Employee Benefits Liability

As an employer, it is often difficult to find and retain employees. One thing that can make you stand out from the crowd is to offer employee benefits like health insurance, life insurance, 401(k), and maybe even disability benefits.

Sponsoring an employee benefit plan also means that you or someone authorized by you needs to administer the plan. This could be things like explaining benefits to a new employee, getting an employee enrolled, or terminating coverage for an employee who has left or now has coverage elsewhere.

Because we’re all human, mistakes can happen while administering your employee benefit plan. Typically, your General Liability policy would not respond if you made an error with the administration of your employee benefit plan. However, Employee Benefits Liability can help fill this coverage gap.

Employee Benefits Liability is designed to help protect your business for errors or omissions in the administration of your employee benefits program. The coverage may apply to errors and omissions while administrating life insurance, health insurance, retirement plans, or disability insurance.

It can be written as a separate insurance policy, but Employee Benefits Liability is commonly able to be added to your existing General Liability policy via an endorsement. There are two limits included with this coverage: a per employee limit and an aggregate limit. The per employee limit is the maximum amount that the policy will pay for a single employee benefit liability claim. The aggregate limit is the maximum amount that the policy will pay for all claims experienced during the policy period.
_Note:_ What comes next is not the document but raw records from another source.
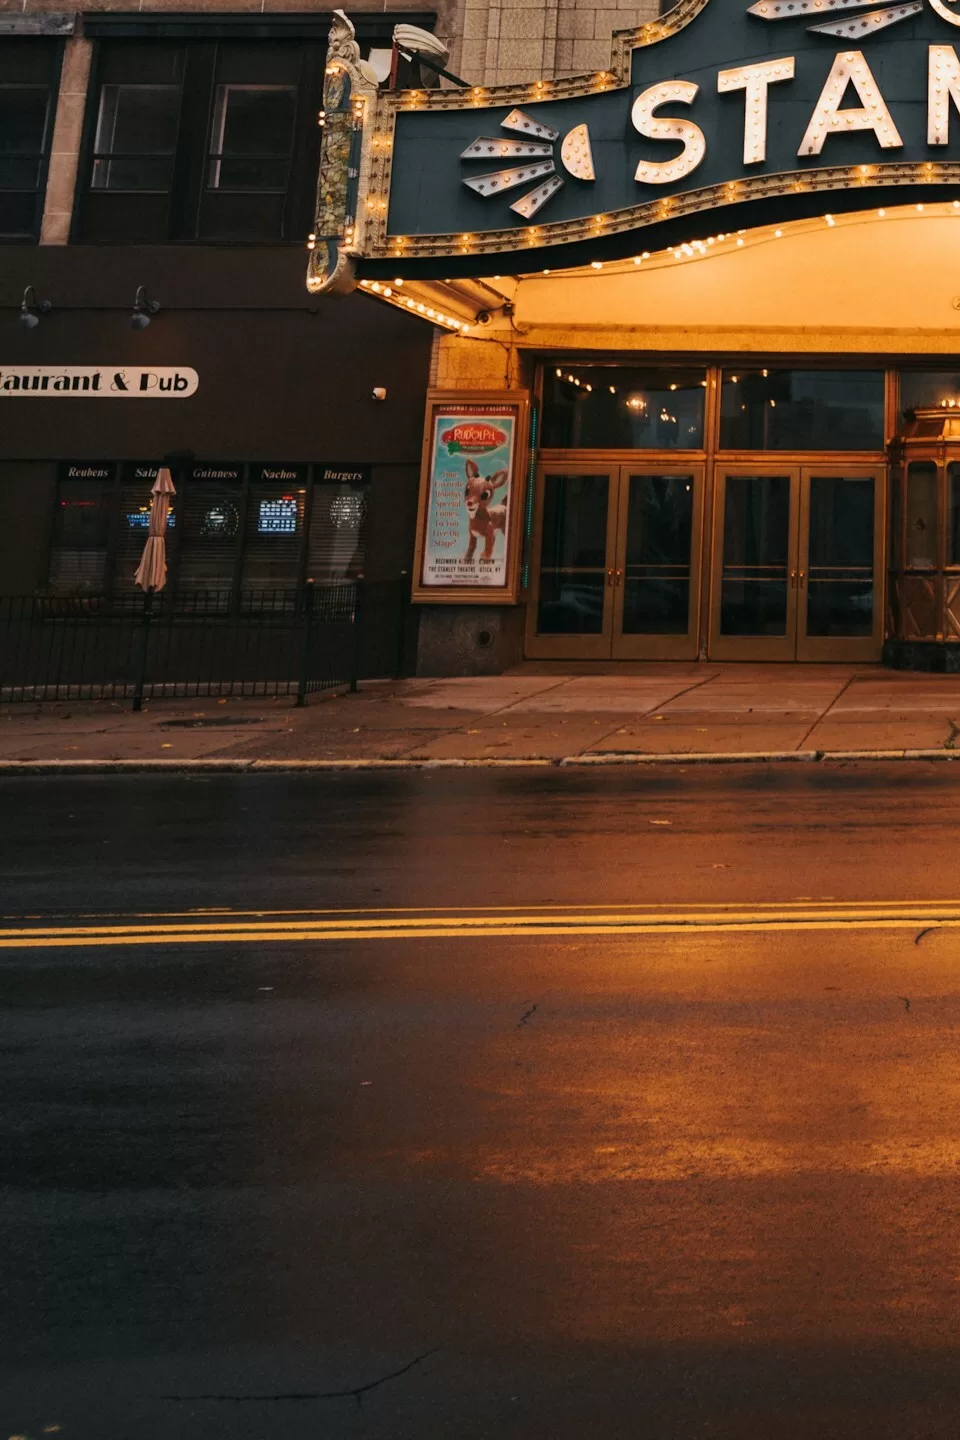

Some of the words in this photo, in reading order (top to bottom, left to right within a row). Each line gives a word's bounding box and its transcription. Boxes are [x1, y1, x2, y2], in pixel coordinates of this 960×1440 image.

[110, 372, 131, 392] &
[139, 373, 189, 392] Pub
[453, 428, 495, 440] RUDOLPH
[68, 467, 109, 478] Reubens
[135, 467, 158, 478] Sala
[193, 468, 239, 479] Guinness
[261, 469, 298, 480] Nachos
[323, 470, 364, 481] Burgers
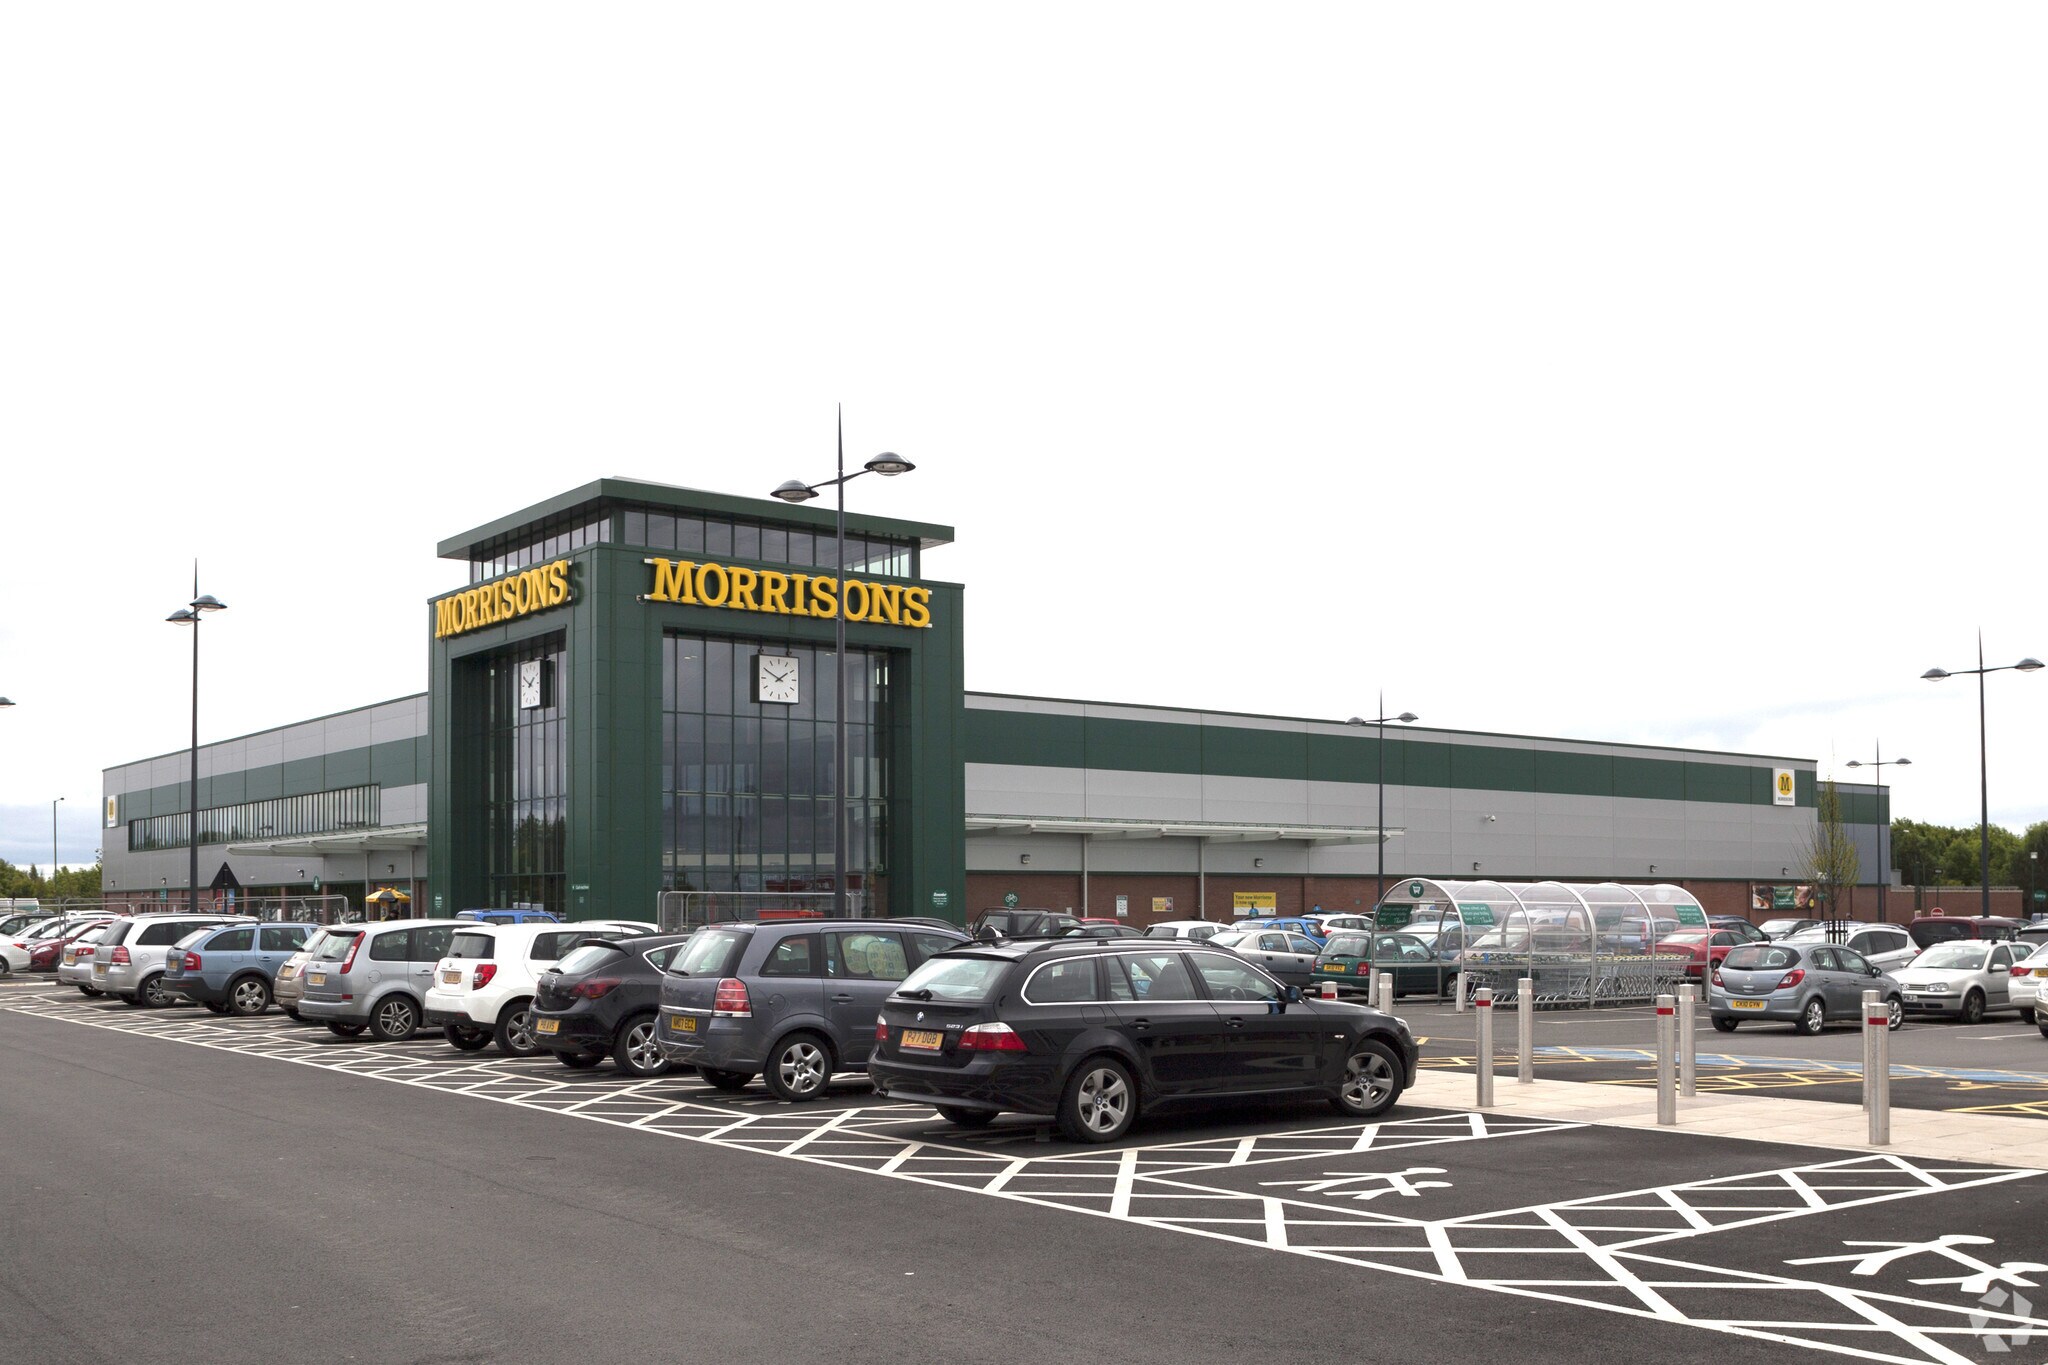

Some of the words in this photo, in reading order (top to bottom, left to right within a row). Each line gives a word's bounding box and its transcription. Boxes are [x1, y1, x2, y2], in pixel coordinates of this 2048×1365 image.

[435, 560, 569, 638] MORRISONS
[650, 557, 931, 628] MORRISONS
[1780, 776, 1791, 791] M
Some common examples of an Employee Benefits Liability claim might arise from things like:

  • Failing to enroll an eligible employee in your group health plan – maybe the enrollment application was returned to you by the employee, but it got lost in other paperwork and was never submitted to the insurance company. The employee is injured outside of work and arrives at the hospital, only to learn that they do not have any health insurance coverage.
  • Misinterpreting benefits or errors describing benefits to an employee – you advise an employee that because his cousin lives in his household, the cousin is eligible for coverage under the group health plan. You later determine that this is incorrect, but now you may now be financially liable.
  • Failing to inform a terminated employee about COBRA coverage – if your group is large enough to be subject to COBRA, you have a duty to inform terminated employees about the ability to continue their health coverage through COBRA.

An important thing to note is that Employee Benefits Liability coverage is usually written on a “claims-made” basis. You might be more familiar with an “occurrence” basis, which is how your General Liability policy might be written. “Occurrence” means you would need to have coverage in place at the time that a claim occurs. Alternatively, “claims-made” means that there must be coverage in place at the time that a claim is made against you, regardless of when the claim actually occurred. Because of this, it is important to consider extending Employee Benefits Liability coverage even after you are no longer in business. There is potential that a claim could be brought against you even after you close your doors. An extension of this coverage might be referred to as “tail liability” or an “extended reporting period.”

If you currently offer benefits to your employees, you should consider checking to see if you currently have coverage for Employee Benefits Liability. The coverage is typically inexpensive to add to your General Liability policy, but depending on the size of your business, it may make sense to look at a standalone policy. Ask your agent if your policy currently includes Employee Benefits Liability, or what your options are to obtain it.